The stations that struggle most are the ones where the operator is chained to the equipment — manually queuing songs, babysitting the board, troubleshooting unreliable software. That leaves no time for the community engagement that makes a station indispensable. Reliable automation frees the human to do the things only a human can do: make phone calls, attend events, interview neighbors, show up.
A signal that nobody sees is easy to forget. The station that shows up at the farmers market, sets up at the football game, broadcasts from the downtown festival, and puts its call letters on a banner in front of a card table — that's the station people remember, support, and defend when someone asks "does anyone still listen to radio?"
Not every demographic is equally reachable. Adults 35 and older are radio's strongest listeners. Families are radio listeners. Commuters are radio listeners. People in small and medium towns are radio listeners. These are not consolation demographics — they are the majority of the country, and they are the people local businesses want to reach.
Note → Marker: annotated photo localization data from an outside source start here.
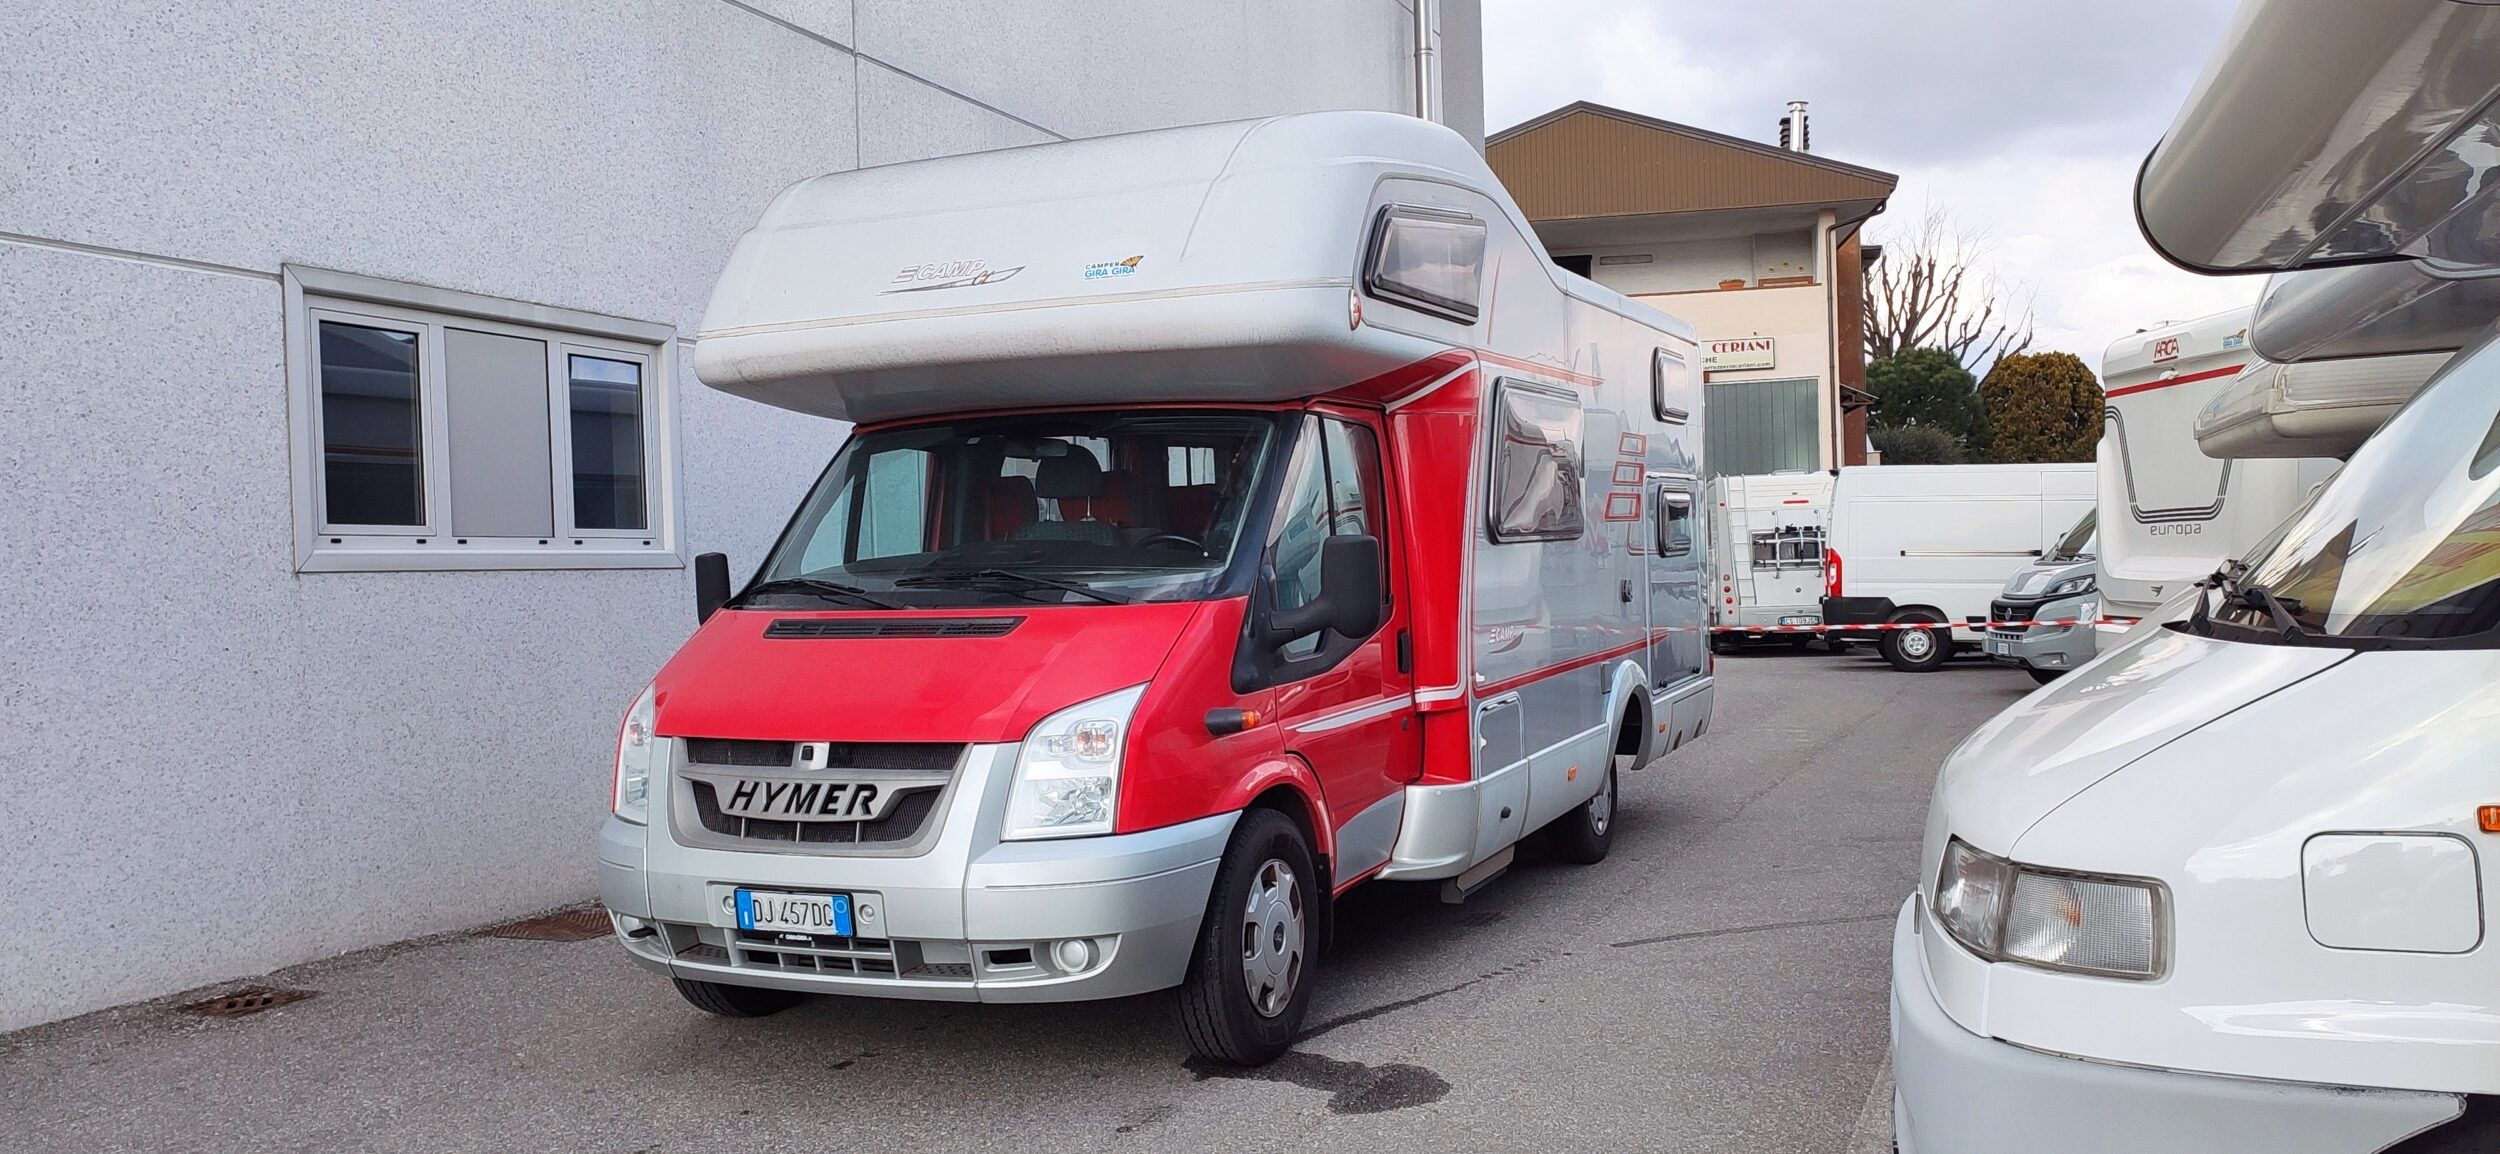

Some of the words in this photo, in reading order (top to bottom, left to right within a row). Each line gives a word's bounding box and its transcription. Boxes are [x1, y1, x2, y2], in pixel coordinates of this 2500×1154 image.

[1085, 269, 1108, 277] GIRA
[1111, 267, 1135, 275] GIRA
[1712, 340, 1770, 353] CERIANI
[2154, 338, 2179, 358] ARCA
[2150, 523, 2202, 536] europa
[728, 780, 878, 815] HYMER
[753, 900, 773, 923] DJ
Serve them extraordinarily well before worrying about the 22-year-old who hasn't touched an FM dial since high school.
Here's the uncomfortable truth that the "radio is dead" conversation obscures: the biggest threat to local radio isn't technology. It's apathy.
The station that plays the same syndicated satellite feed that a hundred other stations play, that never mentions the name of the town it's licensed to, that has no local news, no community calendar, no presence at local events — that station should be worried. Not because of Spotify, but because it's given its listeners no reason to care whether it exists.
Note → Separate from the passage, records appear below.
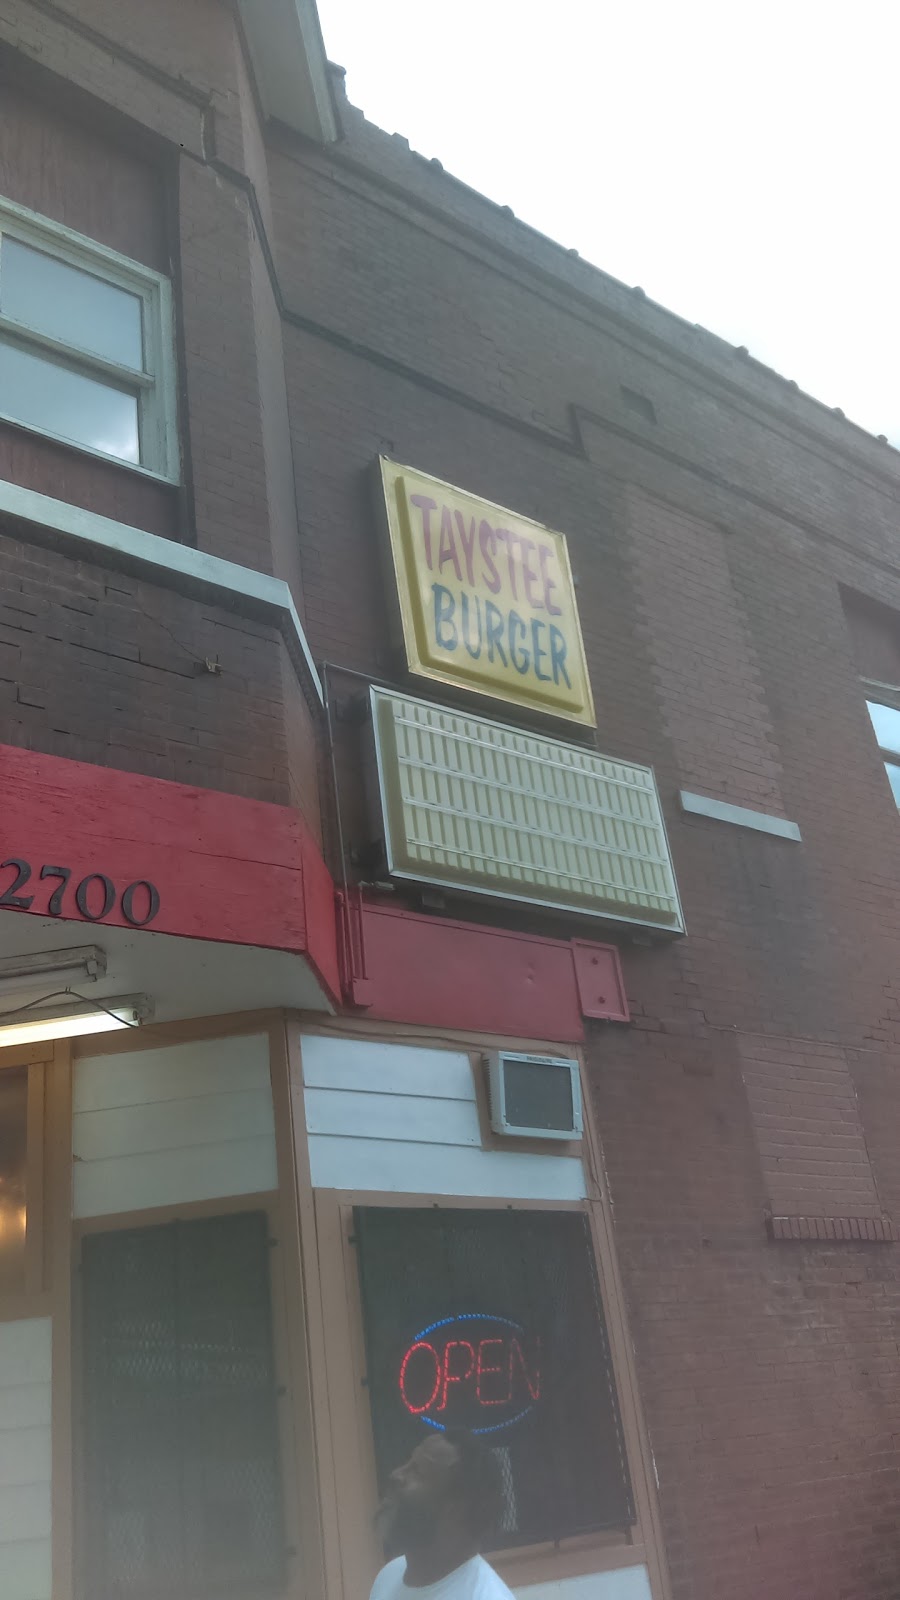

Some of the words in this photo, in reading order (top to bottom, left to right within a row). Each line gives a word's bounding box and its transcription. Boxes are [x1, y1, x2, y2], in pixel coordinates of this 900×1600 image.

[410, 494, 562, 616] TAYSTEE
[431, 582, 572, 689] BURGER
[0, 858, 161, 926] 2700
[400, 1337, 540, 1414] OPEN
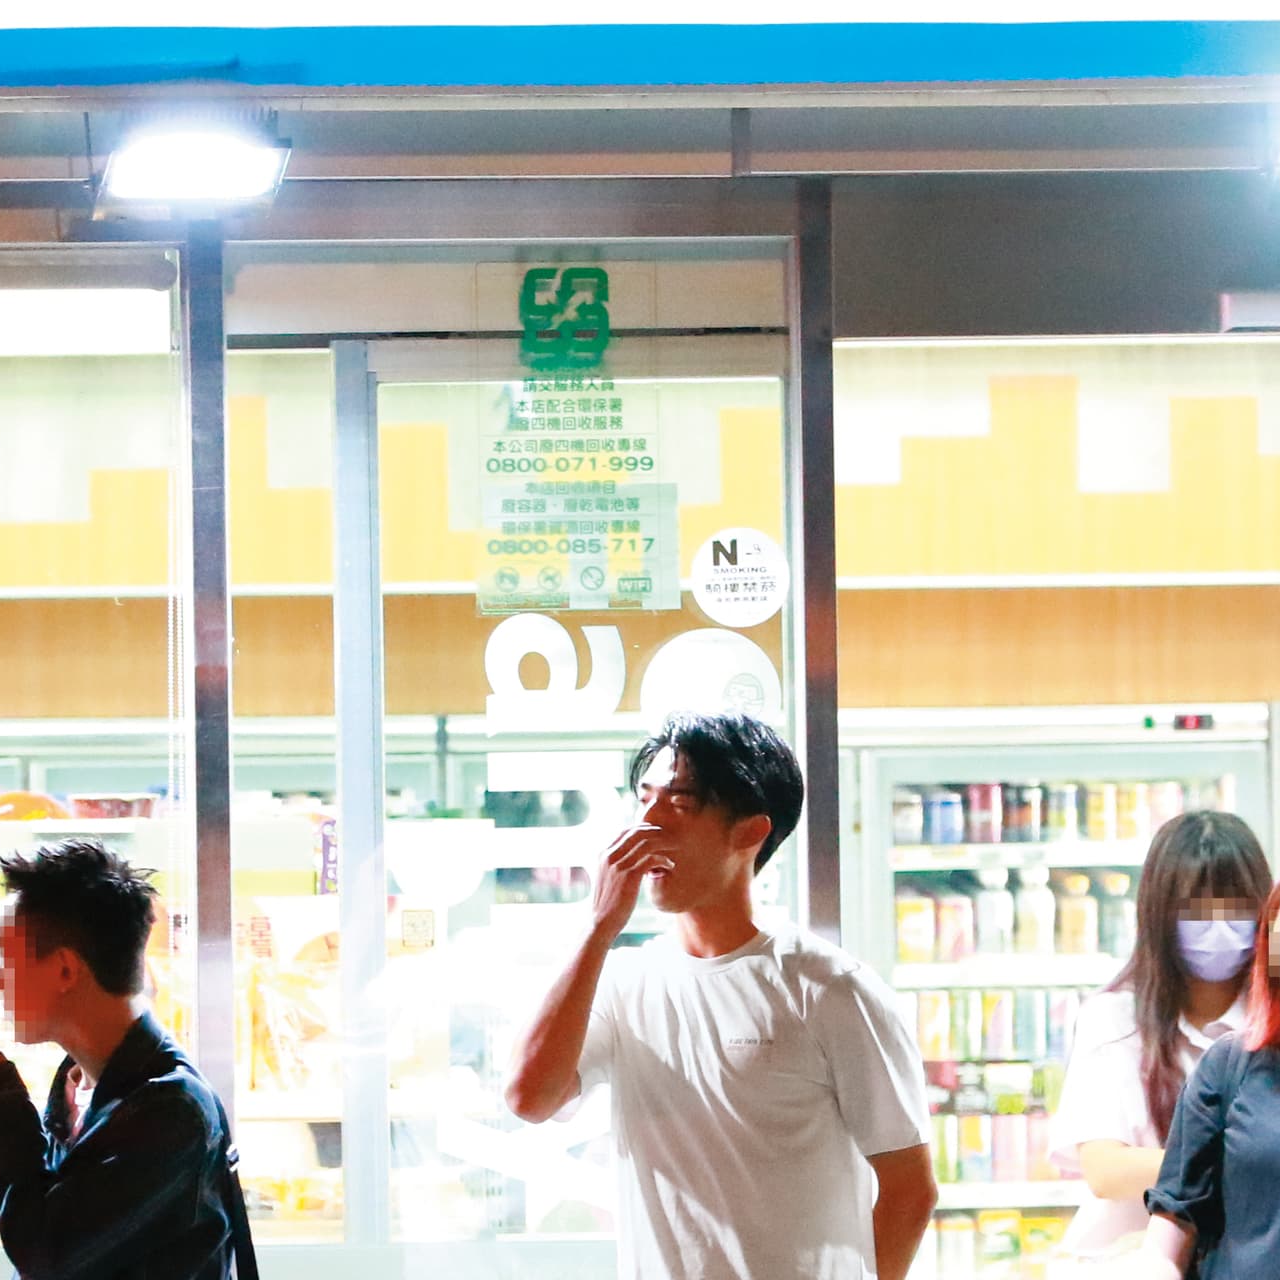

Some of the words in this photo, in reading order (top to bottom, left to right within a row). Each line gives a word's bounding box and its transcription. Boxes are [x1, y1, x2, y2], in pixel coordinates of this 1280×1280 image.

[486, 456, 654, 473] 0800-071-999
[487, 538, 655, 554] 0800-085-717
[713, 566, 768, 574] SMOKING
Spotify didn't kill those stations. They killed themselves by stopping doing the one thing nobody else can do.
The stations that are thriving are the ones that took the opposite path. They doubled down on local. They showed up. They became the voice of their community. They embraced old-school values that never went out of style. And they discovered something the tech industry doesn't understand: in a world of infinite choice, the thing people value most is the thing that belongs to them.
No. Not even close. But it is evolving, and the stations that evolve with it will be the ones still here in ten years.
The numbers are clear: over 220 million weekly listeners. Roughly half of all in-car audio. Higher trust ratings than almost any other media. An irreplaceable role in emergency communications. A financial model built on local advertising relationships that streaming services have no way to replicate.
What's dying is the version of radio that adds nothing to the community — the jukebox with a transmitter. What's alive and growing is the version of radio that leans in, shows up, and gives people something they can't get anywhere else: a local voice that knows their name.
If your station is willing to be that voice, the audience is there. It always has been. And it isn't going anywhere.